Terri, I wish you peace. Your story is most upsetting. It's just too much to comprehend so much loss at one time. It's just not normal. Please know our hearts go out to you at this most difficult time.

I hope you find this site and the support helpful to where you can stop taking the meds, as they will only delay your grief process.

I'm choosing to take no meds in my grief process because I want to feel all I am supposed to feel in real time. There are times I truly think about it but just don't.

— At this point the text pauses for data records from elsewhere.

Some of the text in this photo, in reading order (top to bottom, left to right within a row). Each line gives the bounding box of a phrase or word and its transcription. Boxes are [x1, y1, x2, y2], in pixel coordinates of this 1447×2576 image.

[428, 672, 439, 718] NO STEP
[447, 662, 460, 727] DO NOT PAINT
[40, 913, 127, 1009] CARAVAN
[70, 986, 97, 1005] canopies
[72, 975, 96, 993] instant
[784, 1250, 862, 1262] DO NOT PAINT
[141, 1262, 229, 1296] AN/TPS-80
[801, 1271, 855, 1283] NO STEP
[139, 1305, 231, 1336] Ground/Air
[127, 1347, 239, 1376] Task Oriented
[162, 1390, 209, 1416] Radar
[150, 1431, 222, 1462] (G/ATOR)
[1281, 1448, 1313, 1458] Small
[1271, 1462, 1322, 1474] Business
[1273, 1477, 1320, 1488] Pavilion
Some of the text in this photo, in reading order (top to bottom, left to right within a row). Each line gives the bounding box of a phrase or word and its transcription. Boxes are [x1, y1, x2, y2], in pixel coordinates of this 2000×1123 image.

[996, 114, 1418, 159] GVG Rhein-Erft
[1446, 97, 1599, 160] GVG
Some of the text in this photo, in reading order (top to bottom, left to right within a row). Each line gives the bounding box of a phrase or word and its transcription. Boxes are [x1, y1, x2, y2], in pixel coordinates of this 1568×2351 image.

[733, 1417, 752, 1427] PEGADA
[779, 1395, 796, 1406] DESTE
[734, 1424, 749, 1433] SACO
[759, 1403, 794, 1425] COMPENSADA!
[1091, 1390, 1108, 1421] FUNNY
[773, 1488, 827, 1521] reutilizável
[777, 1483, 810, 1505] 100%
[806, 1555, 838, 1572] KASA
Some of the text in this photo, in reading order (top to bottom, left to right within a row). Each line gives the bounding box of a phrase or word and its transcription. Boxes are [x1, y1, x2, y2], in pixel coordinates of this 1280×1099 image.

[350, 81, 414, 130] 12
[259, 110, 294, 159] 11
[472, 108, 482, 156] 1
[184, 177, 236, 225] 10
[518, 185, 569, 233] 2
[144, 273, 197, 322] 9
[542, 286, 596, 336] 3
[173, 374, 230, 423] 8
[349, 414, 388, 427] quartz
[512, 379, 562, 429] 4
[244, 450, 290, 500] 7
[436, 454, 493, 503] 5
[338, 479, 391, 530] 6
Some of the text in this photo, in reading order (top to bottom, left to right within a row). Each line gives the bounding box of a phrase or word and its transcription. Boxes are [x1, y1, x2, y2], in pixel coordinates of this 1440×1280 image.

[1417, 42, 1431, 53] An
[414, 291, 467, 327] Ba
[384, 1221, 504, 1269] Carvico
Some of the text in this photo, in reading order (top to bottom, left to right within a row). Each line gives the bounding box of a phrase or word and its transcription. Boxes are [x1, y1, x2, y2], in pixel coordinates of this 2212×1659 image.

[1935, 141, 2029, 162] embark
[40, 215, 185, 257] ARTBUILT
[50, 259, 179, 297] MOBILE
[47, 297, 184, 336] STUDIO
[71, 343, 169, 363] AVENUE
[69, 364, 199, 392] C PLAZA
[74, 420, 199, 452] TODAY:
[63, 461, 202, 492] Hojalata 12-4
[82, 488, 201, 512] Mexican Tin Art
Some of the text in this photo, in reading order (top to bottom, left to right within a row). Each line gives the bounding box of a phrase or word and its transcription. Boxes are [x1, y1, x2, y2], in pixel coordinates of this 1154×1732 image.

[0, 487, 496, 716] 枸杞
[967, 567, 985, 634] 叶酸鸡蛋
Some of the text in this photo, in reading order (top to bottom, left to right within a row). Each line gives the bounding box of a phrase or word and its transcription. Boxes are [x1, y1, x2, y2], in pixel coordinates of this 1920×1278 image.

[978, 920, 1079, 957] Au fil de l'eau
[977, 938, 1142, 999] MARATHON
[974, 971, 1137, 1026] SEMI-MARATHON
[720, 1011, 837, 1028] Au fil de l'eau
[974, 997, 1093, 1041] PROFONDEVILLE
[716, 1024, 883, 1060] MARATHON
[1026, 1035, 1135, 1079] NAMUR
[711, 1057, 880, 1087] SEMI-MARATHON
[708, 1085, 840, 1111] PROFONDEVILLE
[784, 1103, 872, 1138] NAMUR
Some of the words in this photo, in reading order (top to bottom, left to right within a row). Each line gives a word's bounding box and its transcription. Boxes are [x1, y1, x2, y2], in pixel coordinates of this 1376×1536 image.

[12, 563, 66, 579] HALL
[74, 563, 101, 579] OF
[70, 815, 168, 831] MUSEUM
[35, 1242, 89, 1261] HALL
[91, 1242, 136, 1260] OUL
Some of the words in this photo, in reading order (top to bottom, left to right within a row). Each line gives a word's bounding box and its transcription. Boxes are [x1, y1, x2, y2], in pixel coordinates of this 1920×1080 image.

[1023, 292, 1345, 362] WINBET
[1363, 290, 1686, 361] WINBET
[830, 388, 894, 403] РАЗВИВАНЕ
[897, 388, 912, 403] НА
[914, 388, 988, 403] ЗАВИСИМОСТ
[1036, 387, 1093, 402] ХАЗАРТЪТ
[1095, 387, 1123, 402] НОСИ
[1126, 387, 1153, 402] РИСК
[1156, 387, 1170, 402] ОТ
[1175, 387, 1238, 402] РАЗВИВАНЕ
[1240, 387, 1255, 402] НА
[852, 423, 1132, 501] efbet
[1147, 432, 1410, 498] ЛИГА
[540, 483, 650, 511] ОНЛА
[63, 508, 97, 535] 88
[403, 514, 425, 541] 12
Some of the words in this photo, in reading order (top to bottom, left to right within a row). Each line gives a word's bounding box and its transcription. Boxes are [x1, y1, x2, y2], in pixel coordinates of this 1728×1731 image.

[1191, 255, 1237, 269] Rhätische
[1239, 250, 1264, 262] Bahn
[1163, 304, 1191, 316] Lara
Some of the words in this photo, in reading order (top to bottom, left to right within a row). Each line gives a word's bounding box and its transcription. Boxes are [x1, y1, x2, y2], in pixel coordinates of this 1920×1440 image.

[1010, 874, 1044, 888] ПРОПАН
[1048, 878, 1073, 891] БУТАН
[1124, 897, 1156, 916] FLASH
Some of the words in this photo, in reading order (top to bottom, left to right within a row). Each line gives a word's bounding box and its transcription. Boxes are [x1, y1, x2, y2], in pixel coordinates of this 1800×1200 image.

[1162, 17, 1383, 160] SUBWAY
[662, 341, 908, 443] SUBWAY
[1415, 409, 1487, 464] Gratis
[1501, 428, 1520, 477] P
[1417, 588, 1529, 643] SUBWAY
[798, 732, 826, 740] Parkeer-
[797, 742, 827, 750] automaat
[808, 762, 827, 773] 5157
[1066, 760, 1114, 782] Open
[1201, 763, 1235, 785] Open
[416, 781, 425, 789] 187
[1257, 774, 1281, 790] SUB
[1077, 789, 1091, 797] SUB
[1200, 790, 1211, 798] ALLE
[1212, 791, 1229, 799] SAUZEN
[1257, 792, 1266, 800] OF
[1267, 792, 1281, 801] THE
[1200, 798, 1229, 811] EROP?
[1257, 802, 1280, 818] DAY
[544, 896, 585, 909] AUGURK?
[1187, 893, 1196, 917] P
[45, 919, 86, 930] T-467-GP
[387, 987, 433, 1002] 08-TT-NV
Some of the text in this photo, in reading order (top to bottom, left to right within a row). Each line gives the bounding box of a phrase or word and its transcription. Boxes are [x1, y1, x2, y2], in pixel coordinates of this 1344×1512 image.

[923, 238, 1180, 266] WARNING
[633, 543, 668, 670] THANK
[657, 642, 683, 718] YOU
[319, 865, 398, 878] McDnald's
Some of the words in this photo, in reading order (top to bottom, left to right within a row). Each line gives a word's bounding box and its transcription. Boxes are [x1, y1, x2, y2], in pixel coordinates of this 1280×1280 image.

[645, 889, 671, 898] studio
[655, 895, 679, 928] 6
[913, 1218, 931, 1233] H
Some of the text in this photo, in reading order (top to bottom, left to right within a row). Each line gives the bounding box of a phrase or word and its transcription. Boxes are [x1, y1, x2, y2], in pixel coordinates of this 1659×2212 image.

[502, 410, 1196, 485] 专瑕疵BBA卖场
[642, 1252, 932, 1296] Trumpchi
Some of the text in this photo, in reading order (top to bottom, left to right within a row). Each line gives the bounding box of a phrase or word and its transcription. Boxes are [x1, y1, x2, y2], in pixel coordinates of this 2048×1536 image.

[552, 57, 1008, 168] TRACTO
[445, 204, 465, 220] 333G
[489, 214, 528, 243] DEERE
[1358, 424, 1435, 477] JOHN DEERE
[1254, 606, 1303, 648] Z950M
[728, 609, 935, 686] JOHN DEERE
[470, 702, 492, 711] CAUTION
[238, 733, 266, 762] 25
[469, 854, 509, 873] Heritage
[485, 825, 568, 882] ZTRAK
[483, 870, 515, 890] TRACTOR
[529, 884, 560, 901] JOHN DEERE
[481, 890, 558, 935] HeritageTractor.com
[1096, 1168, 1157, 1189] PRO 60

May you find strength, peace and acceptance through God.

God bless you.

Aug 25, 2011
Tragic
by: Anonymous

How horribly tragic your story is. You must be going trough so much pain. I will not say I'm sorry for you because I KNOW that they are just empty words. I doubt if there are many words that could comfort you. This does not mean I have no compassion for you. I send you prayers and much love. I know you must be in terrible pain. I hope the love of God can help ease your grief.

Aug 25, 2011
One day at a time...
by: Anonymous

Terri,

Oh you poor baby. I feel so bad for what you have had to endure . I wish that I had some words of comfort, some way to ease your pain. I lost My husband Dec 09. His brother died Oct. 10. My sister in law explains that she is just now beginning to deal with the grief of loosing her brother My husband Paul. She mentally puts her other brothers grief on the back burner until she can deal with it. I do not think that this is denial it is just dealing with grief one day one moment at a time.

Allow grief to take you where it will. None of us have a roadmap for grief. We just wander in a fog trying to exist and get through the day. Some days are manageable and others seem so unreal.
Just remember to take one day one breath at a time.